Configuration Key Metrics (mA/Acc/F1) Note
RGB(1) + Event(5) 87.70 / 84.94 / 89.18 Full optimal setup
RGB(1) Only 79.41 / 76.22 / 83.27 RGB limited by noise
Event(5) Only 87.14 / 84.52 / 88.91 Event modality is strong
RGB(3) + Event(5) 85.97 / 81.91 / 86.61 Too many RGB frames decreases performance
Concat Fusion 87.63 / 84.60 / 88.96 Weaker than OTN-RWKV
1x1 Conv Fusion 83.77 / 80.33 / 86.44 Obvious information loss

Key Findings

  • Modality Complementarity: RGB and Event both perform well individually but are stronger together.
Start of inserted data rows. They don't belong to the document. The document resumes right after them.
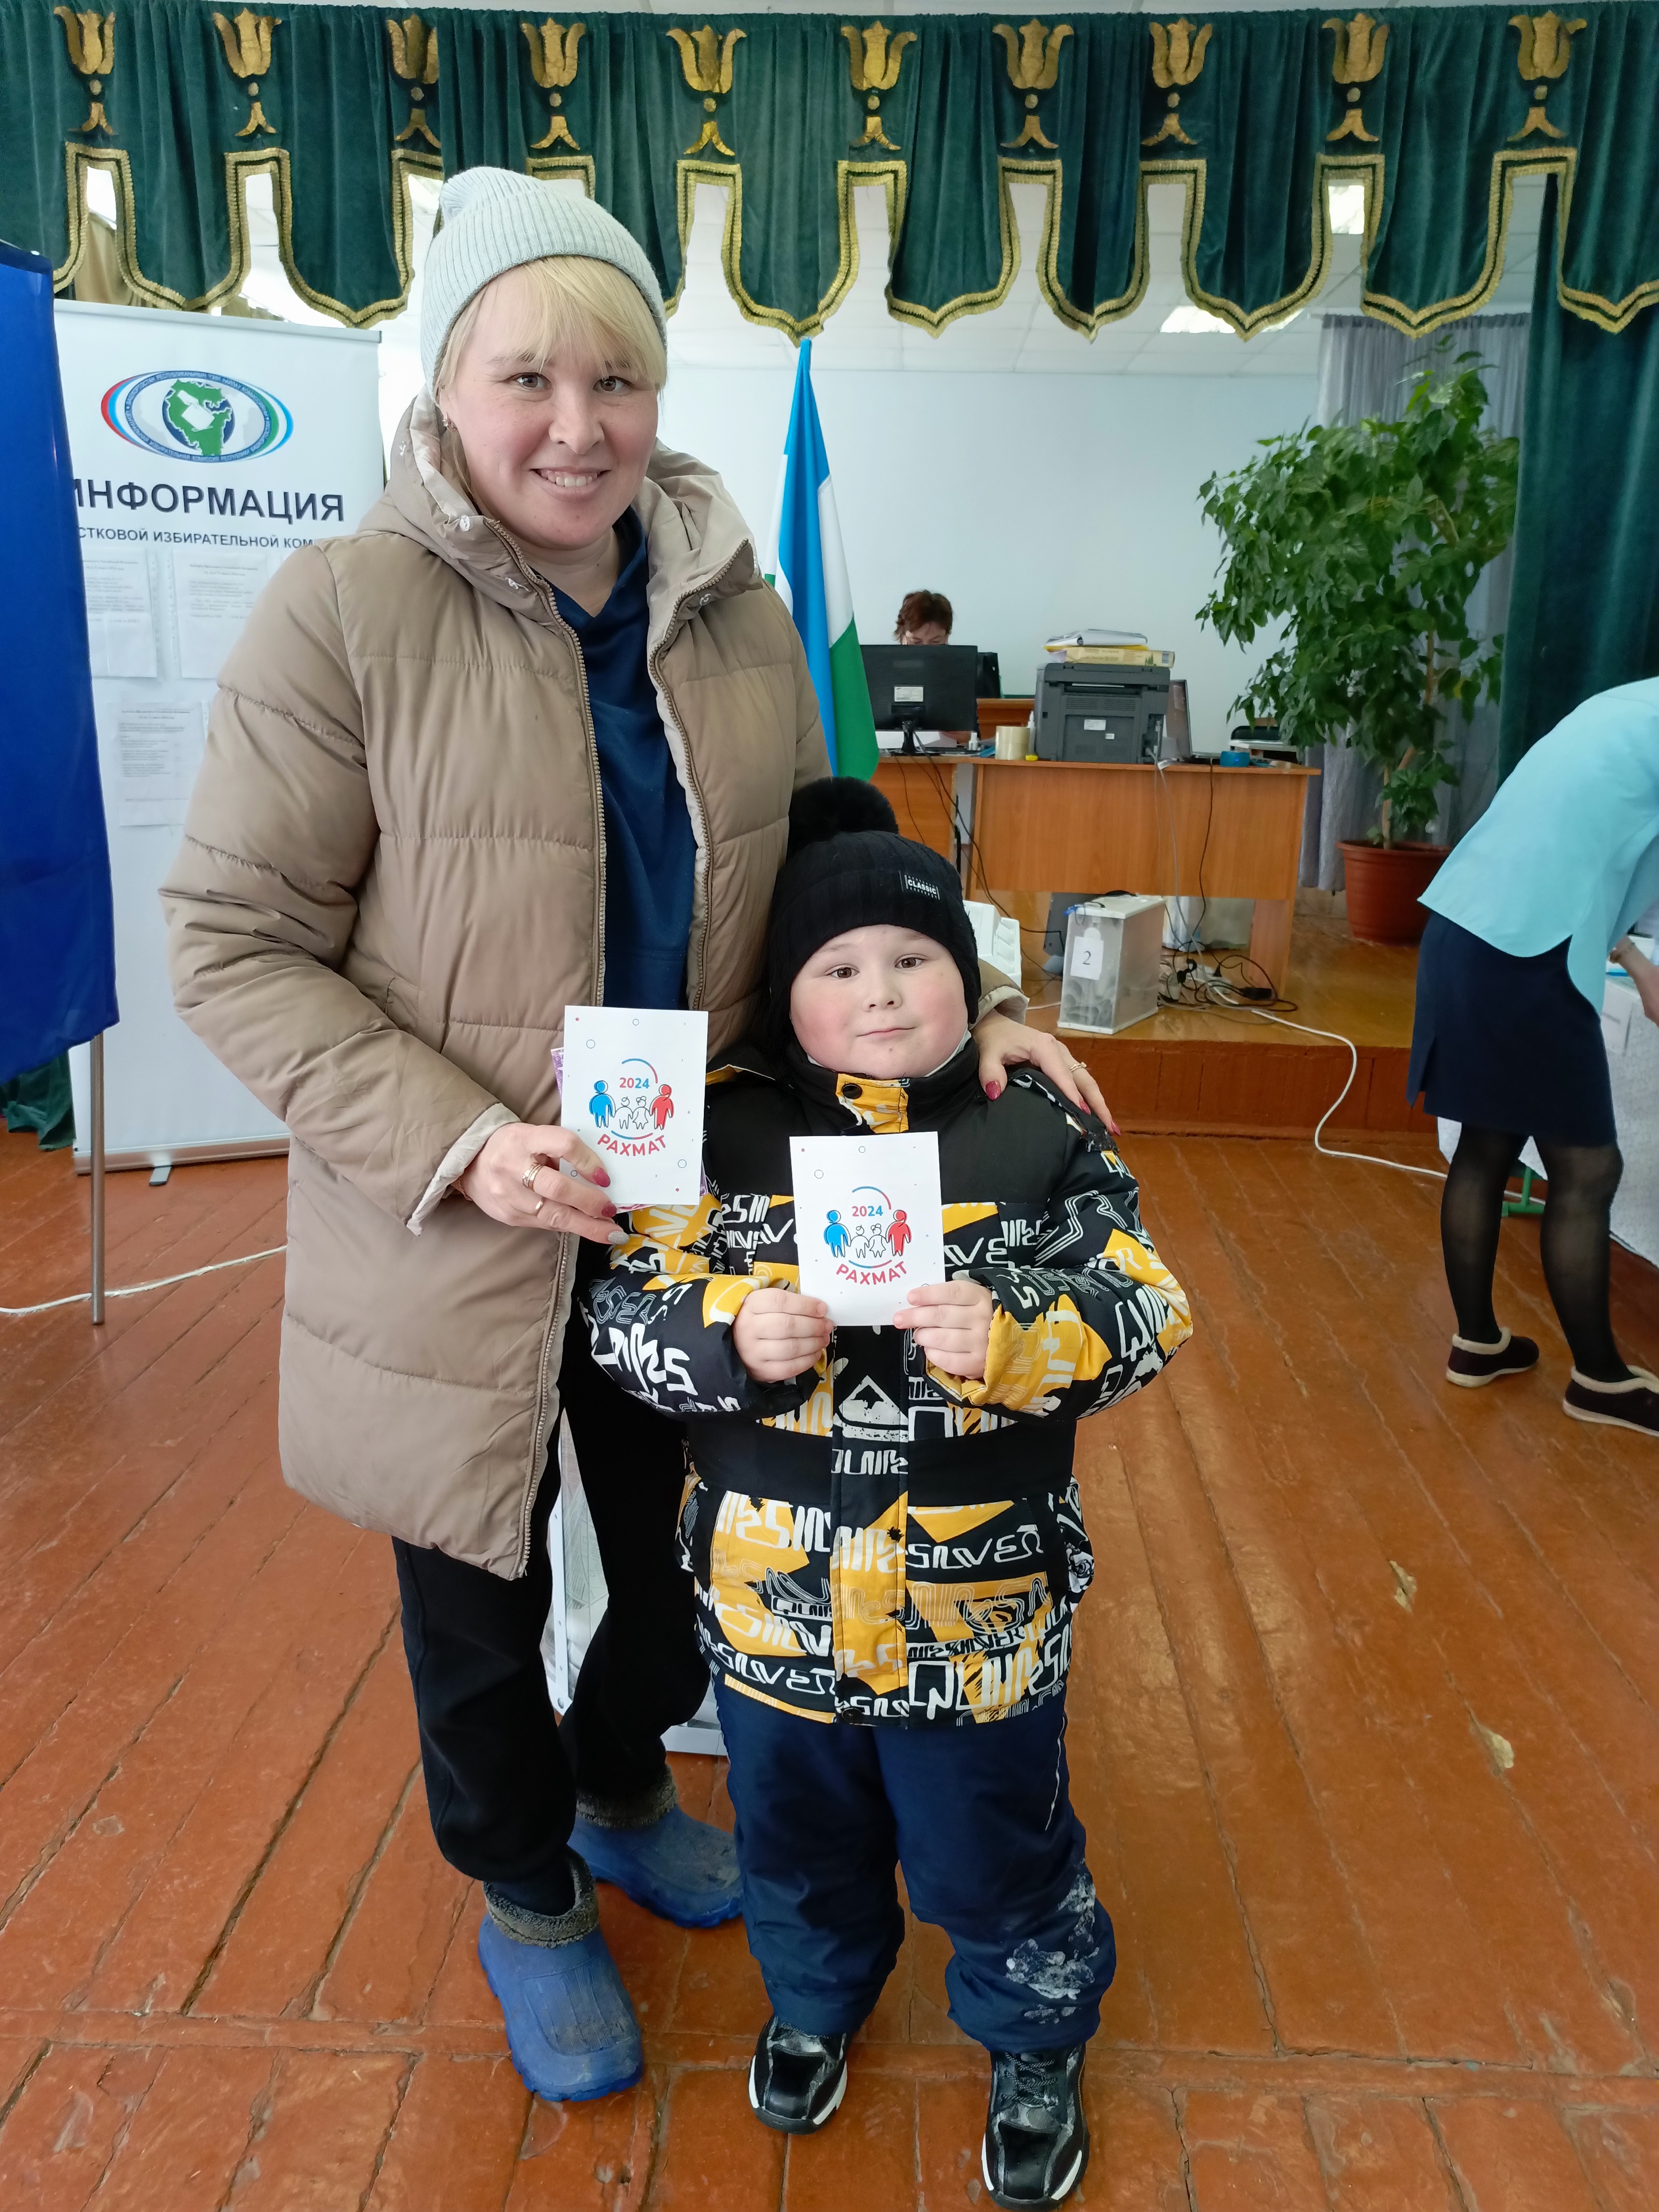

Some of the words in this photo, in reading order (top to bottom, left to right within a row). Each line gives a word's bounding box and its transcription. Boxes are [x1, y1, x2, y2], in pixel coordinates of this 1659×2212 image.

[153, 531, 279, 548] ИЗБИРАТЕЛЬНОЙ
[908, 879, 937, 895] CLASSIC
[1082, 950, 1091, 965] 2
[619, 1078, 650, 1089] 2024
[597, 1133, 666, 1156] РАХМАТ
[852, 1205, 883, 1217] 2024
[836, 1261, 908, 1285] РАХМАТ
However, increasing RGB frames from 1 to 3/5 reduces performance (86.61/86.75) due to redundancy and noise, validating the need for event token filtering.
  • OTN-RWKV Fusion > Naive Fusion: Similarity aggregation + bidirectional cross-attention outperforms Concat/Add/1x1Conv and Max/Mean/GNN aggregation.
  • RWKV Backbone > ViT/ResNet-50: RWKV leads in mA/Acc/F1, verifying the advantages of linear attention backbones in PAR.

Highlights & Insights

  • Triple Contribution: The paper establishes the first RGB-Event PAR task, a 100k-pair dataset with 6 emotion categories, and a 17-method benchmark.
  • Emotion Integration: Including emotions in PAR is a neglected dimension with practical significance for behavioral intent and risk assessment, inspiring broader "human-centric" perception tasks.
  • Transferable Asymmetric Fusion: When two modalities have unequal information density, filtering the redundant side before cross-fusion is more efficient than symmetric concatenation.

Limitations & Future Work

  • Simulated Event Data: Events for MARS/DukeMTMC are simulated from RGB, creating a domain gap compared to real DVS346 data.
  • Subjectivity of Emotion Labels: Determining 6 emotion types from visual appearance is inherently difficult and subjective; the paper does not analyze emotion sub-task accuracy specifically.
  • Inference Overhead: Testing time for RGB+Event is 361s (201MB), much higher than RGB-only (68s/107MB), necessitating cost-benefit considerations for deployment.
  • Hyperparameter Sensitivity: The sensitivity of top-K filtering in OTN-RWKV and the exact meaning of "OTN" are not fully detailed.
  • vs. Traditional Single-modal PAR: Prev. methods use only RGB, limited by lighting/blur and lack emotional dimensions. This work uses events to compensate.
  • vs. Naive Multimodal Fusion: While Concat/Add are simple, they lose fine-grained details. OTN-RWKV filters redundancy while preserving cross-modal details.
  • vs. Other RWKV Vision Works: Unlike RWKV-SAM (segmentation), this is the first application of RWKV for pedestrian attributes with an asymmetric cross-modal fusion variant.

Rating

  • Novelty: ⭐⭐⭐⭐ First RGB-Event PAR task + emotions + asymmetric RWKV fusion.
  • Experimental Thoroughness: ⭐⭐⭐⭐ Three datasets + 17-method benchmark, though public events are simulated.
  • Writing Quality: ⭐⭐⭐⭐ Clear protocols, framework diagrams, and contribution statements.
  • Value: ⭐⭐⭐⭐⭐ Foundational dataset and benchmark for event-camera pedestrian perception.